EXERCISE REQUIREMENTS: If an entry holds a picture, leave the picture out and copy the rest of the listing exactly.

RECORDS TO USE:
# # #
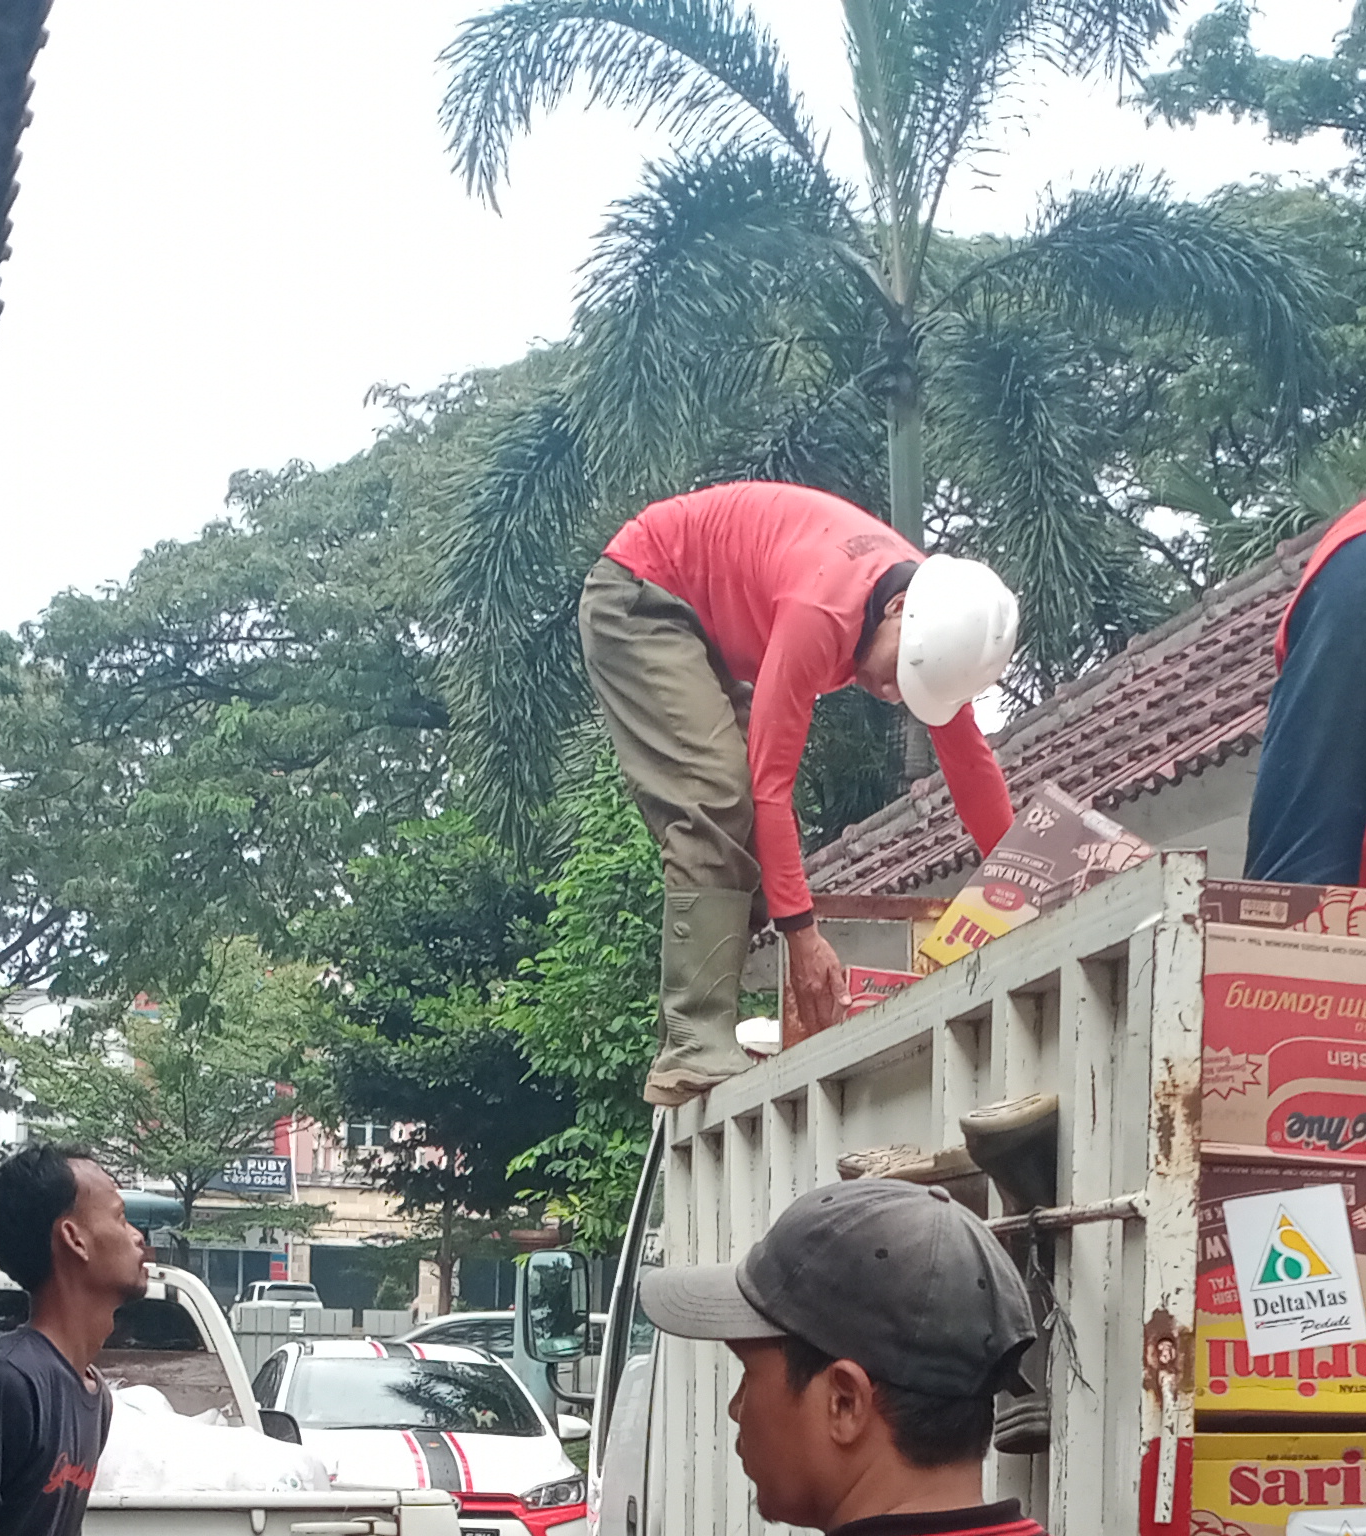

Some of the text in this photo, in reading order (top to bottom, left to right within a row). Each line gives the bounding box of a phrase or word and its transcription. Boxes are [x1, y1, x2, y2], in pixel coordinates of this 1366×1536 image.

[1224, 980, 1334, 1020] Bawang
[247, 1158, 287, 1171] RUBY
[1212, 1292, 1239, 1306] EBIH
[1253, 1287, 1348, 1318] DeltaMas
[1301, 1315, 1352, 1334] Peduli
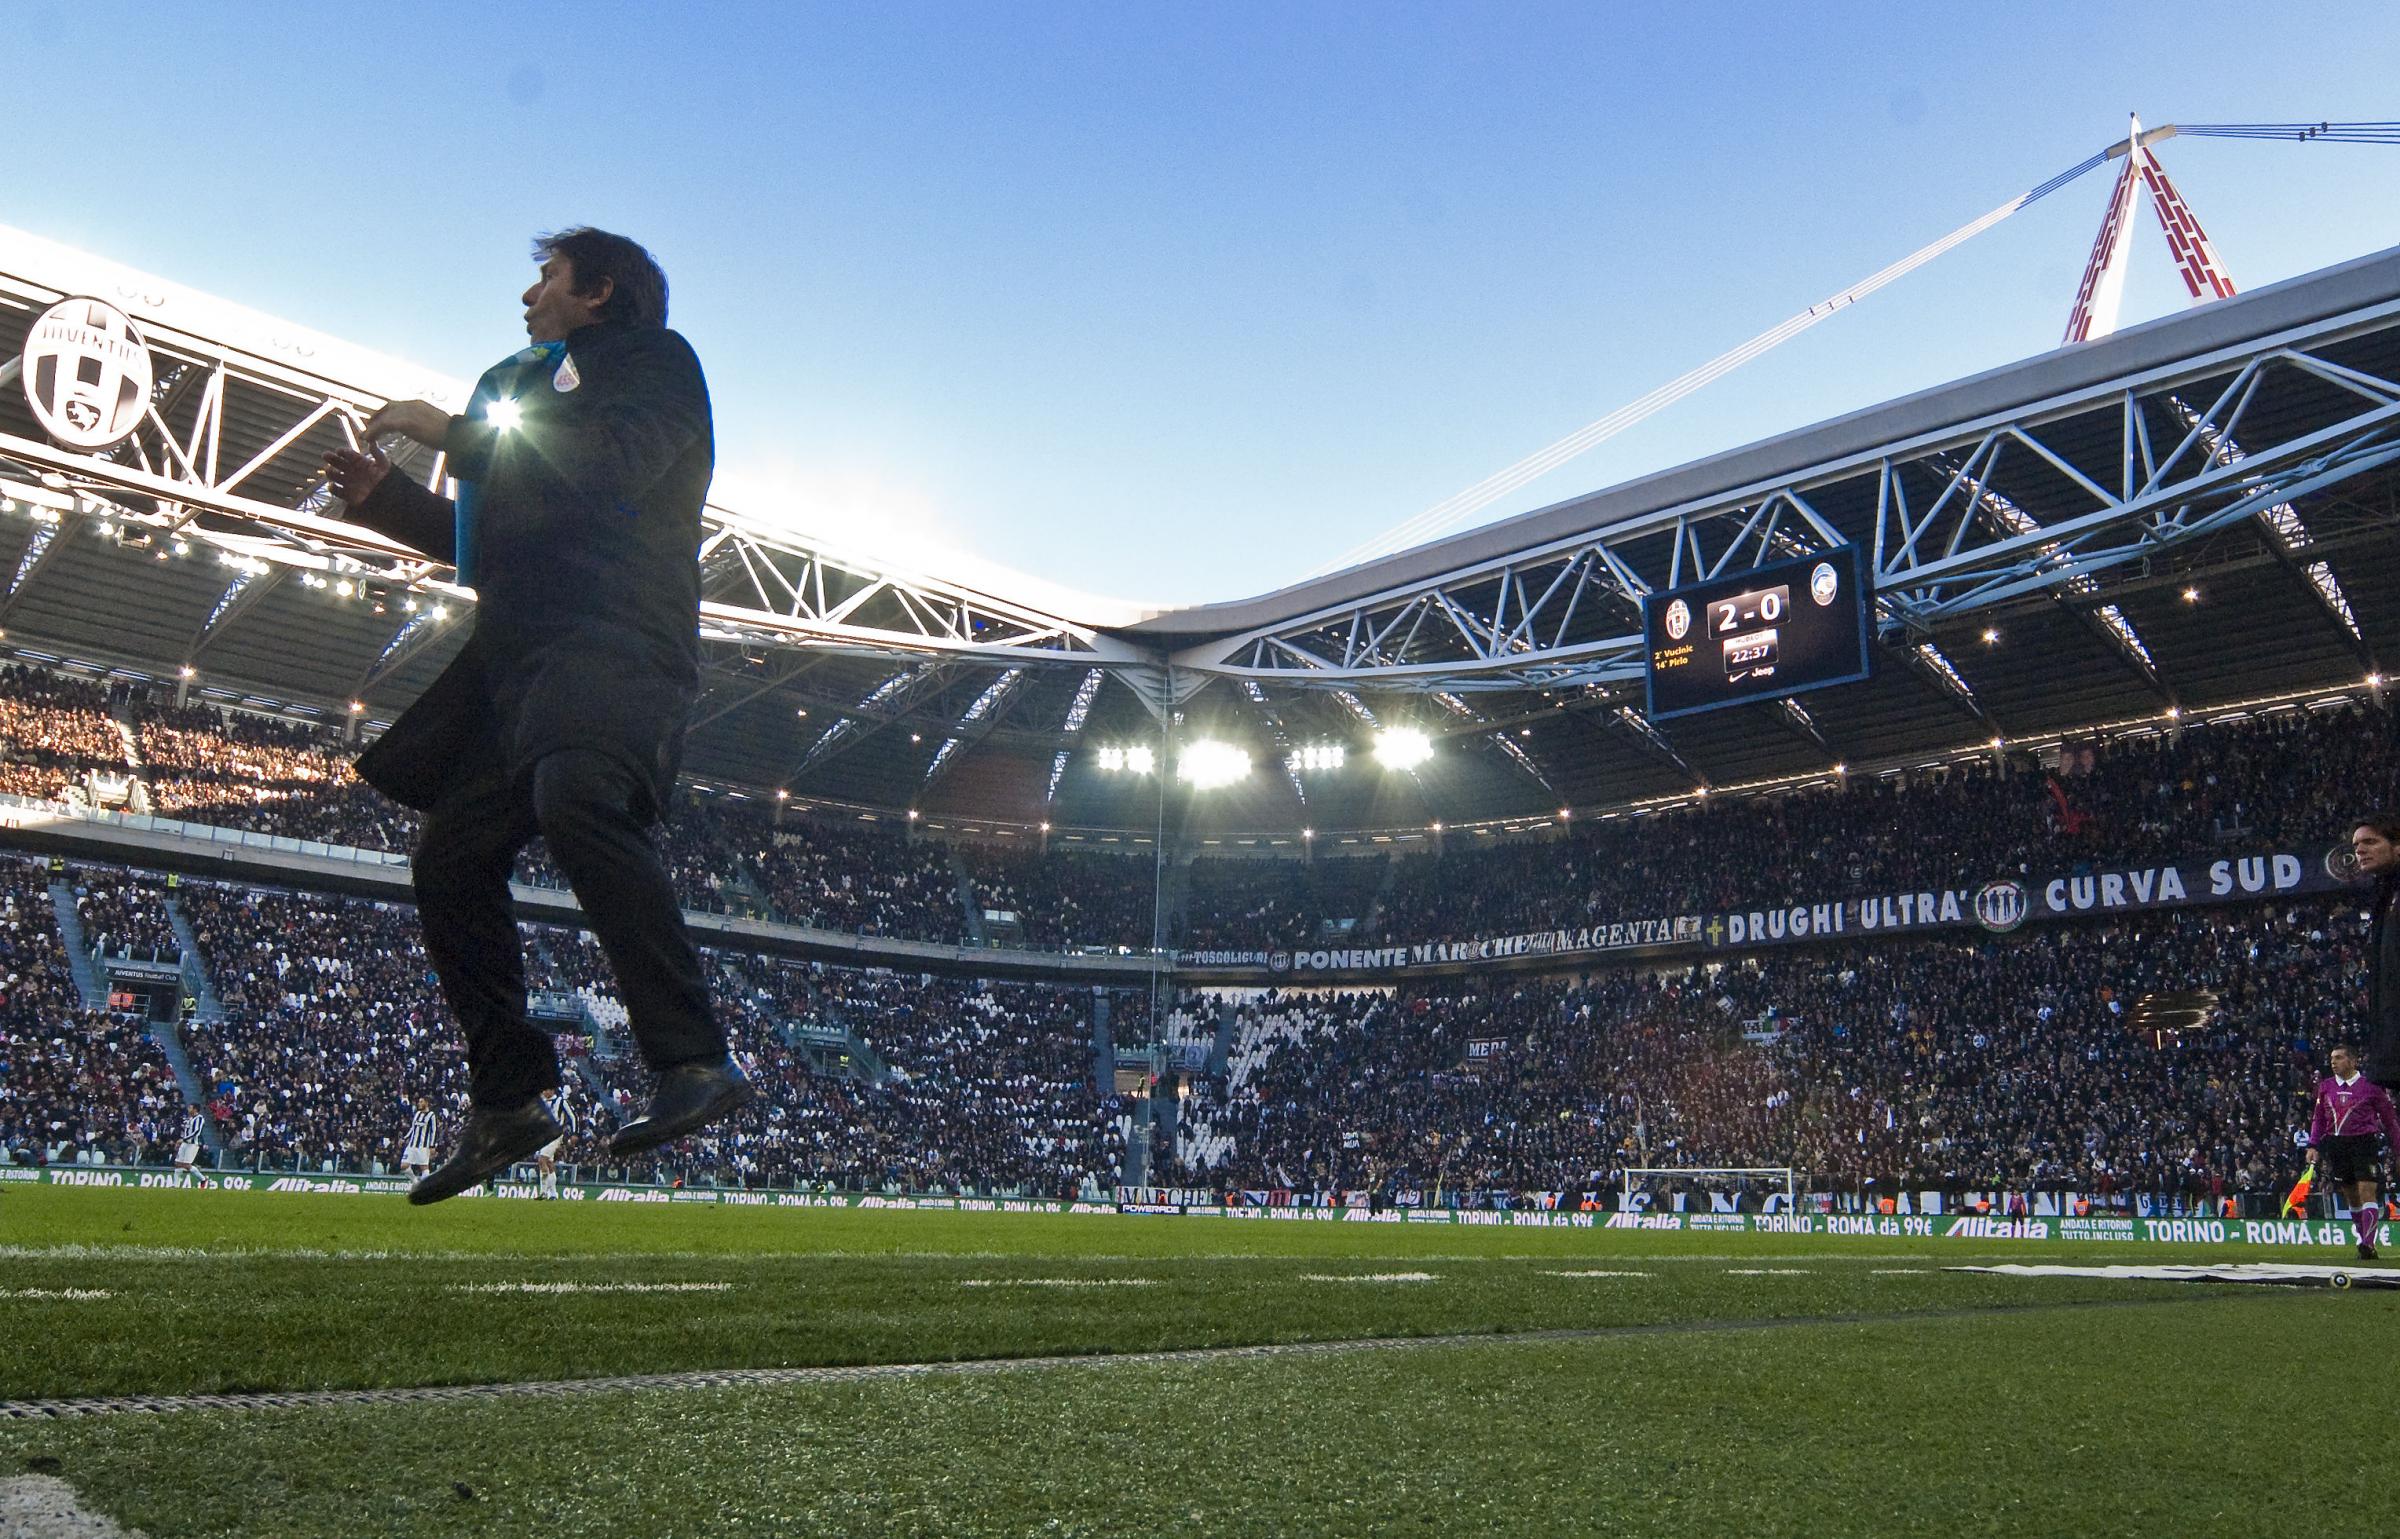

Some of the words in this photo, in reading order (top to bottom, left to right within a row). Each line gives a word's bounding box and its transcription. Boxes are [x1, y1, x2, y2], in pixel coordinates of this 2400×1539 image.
# # #
RESPONSE AREA:
Some of the text in this photo, in reading order (top to bottom, left to right within a row). Each line gives the bounding box of a phrase or word and its transcription. Boxes are [x1, y1, x2, y2], in pixel coordinates of this 1366×1536 image.

[1224, 980, 1334, 1020] Bawang
[247, 1158, 287, 1171] RUBY
[1212, 1292, 1239, 1306] EBIH
[1253, 1287, 1348, 1318] DeltaMas
[1301, 1315, 1352, 1334] Peduli

Some of the words in this photo, in reading order (top to bottom, left to right within a row). Each line gives a word's bounding box and its transcription. Boxes are [x1, y1, x2, y2], in pixel coordinates of this 2400×1539 image.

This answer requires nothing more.